人材流出を防ぐ新たな組織づくりの秘訣を紐解くセミナー
2026年9月2日、金沢において、企業ブランディングと組織開発のリーダーである株式会社イマジナが「経営者のためのインナーブランディングセミナー」を開催しました。このセミナーは、経営陣や人事担当者を主な対象としており、現在の企業が抱える3つの大きな課題、すなわち「採用難」「早期離職」「管理職の育成不足」に対して、科学的なアプローチを提供するものでした。
セミナー開催の背景
現今、多くの企業が人手不足に直面し、採用活動において「働きやすさ」を強調する傾向があります。しかし、スイスの国際経営開発研究所の調査によると、日本企業のマネジメント教育は64ヶ国中60位と極めて低く、若手社員が管理職を目指さない現状が問題とされています。このような状況を受けて、イマジナは単なる労働環境の改善に留まらず、各社員が「次世代へ貢献する」自覚を持つための「人づくり=インナーブランディング」に焦点を当てたセミナーを企画しました。
セミナーのハイライト
1. 人類250万年の歴史と現状維持バイアス
このセミナーでは、組織が変化を恐れ、新しい知識が定着しない理由について人類の歴史に基づく解説がありました。狩猟採集時代から続く「最小努力の法則」がいかに現代の組織に影響を与えているのかを深く探ることで、意識改革が必要であることが明らかになりました。
2. EQの重要性
さらに、企業の成長に必要なのは知能指数(IQ)ではなく、感情をうまくコントロールし他者と共存する「貢献的EQ」であることが強調されました。実際、EQが低い医療従事者が誤診するリスクが高いという研究データが示され、感情知能の重要さが確認されました。また、世界のトップ企業がEQ向上に投資している傾向も紹介され、今後必要とされる人間力について考察が行われました。
3. 貢献的モラルと理念浸透の手法
最後に、社員が自己中心的な考えから、組織全体の最適化に目を向けるための「貢献的モラル」向上のための6段階プロセスが説明されました。
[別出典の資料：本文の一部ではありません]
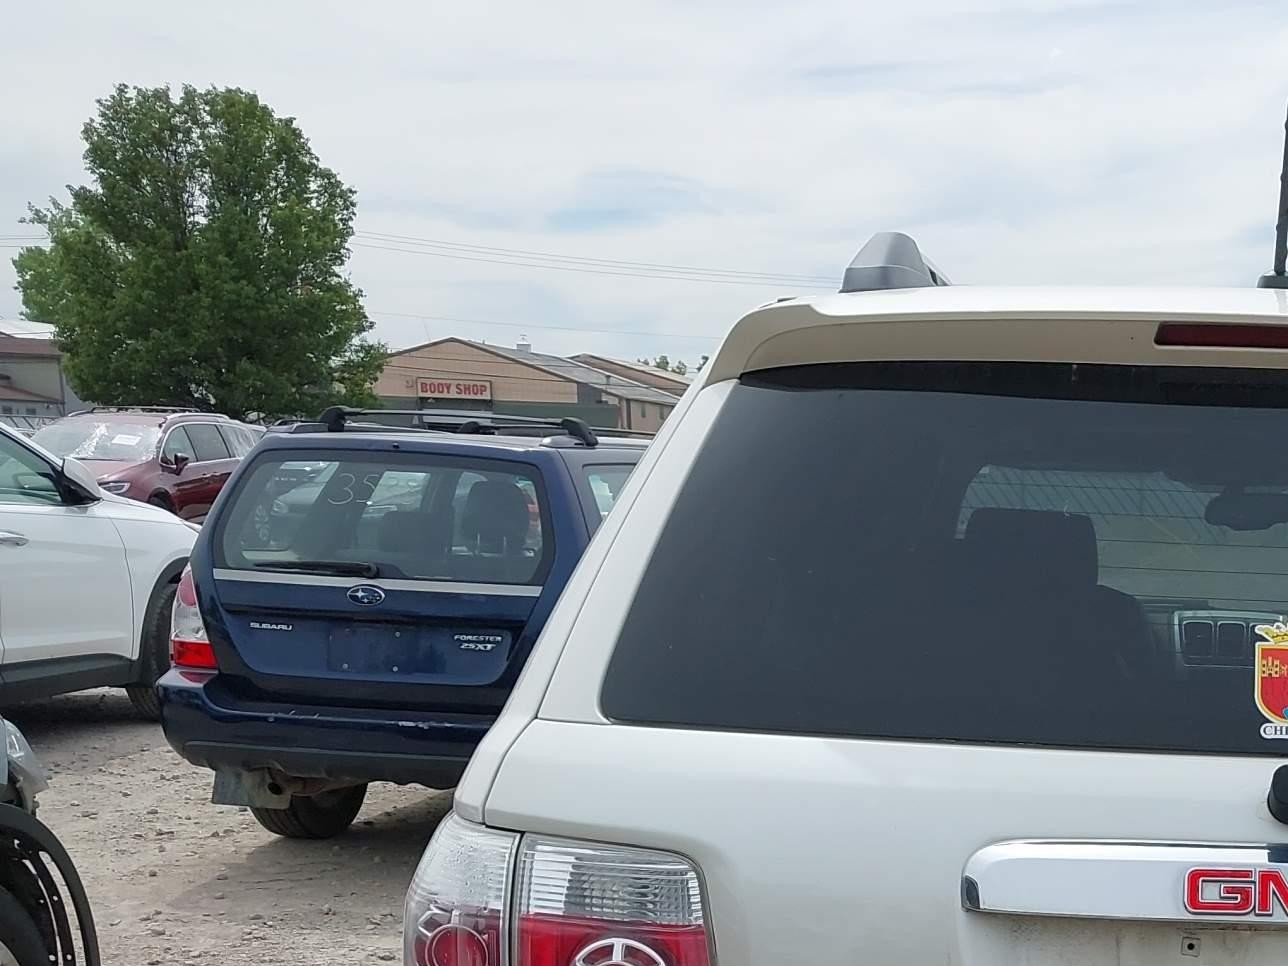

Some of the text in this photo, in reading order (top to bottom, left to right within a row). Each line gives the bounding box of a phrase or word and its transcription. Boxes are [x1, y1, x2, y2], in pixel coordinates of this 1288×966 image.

英ケンブリッジ大学との提携アセスメントやハーバード大学式の理念浸透度調査が具体的手法として紹介され、組織内の人間力をデータとして可視化する方法が示されるなど、革新的な育成法が注目を集めました。
参加者の声
金沢で開催されたこのセミナーには、多くの経営層が参加し、以下のような意見が寄せられました。 「歴史的な視点から組織のバイアスを理解できた」や「EQの育成は自社にとって非常に重要なテーマです」といった感想があり、参加者らの関心の高さを示しました。
今後の展開
今後、イマジナは全国各地で経営層向けのセミナーを定期的に開催すると共に、若手社員向けの「貢献的EQ」向上を目的としたワークショップや合宿を実施し、日本企業の持続的成長を人材育成の面から支援していく方針です。
会社概要
- - 社名: 株式会社イマジナ
- - 代表者: 関野吉記
- - 所在地: 東京都千代田区麹町3-5-2 ビュレックス麹町
- - 企業URL: www.imajina.com
このようなセミナーを通じて、現代の企業における人材育成や組織文化の改革が進むことが期待されています。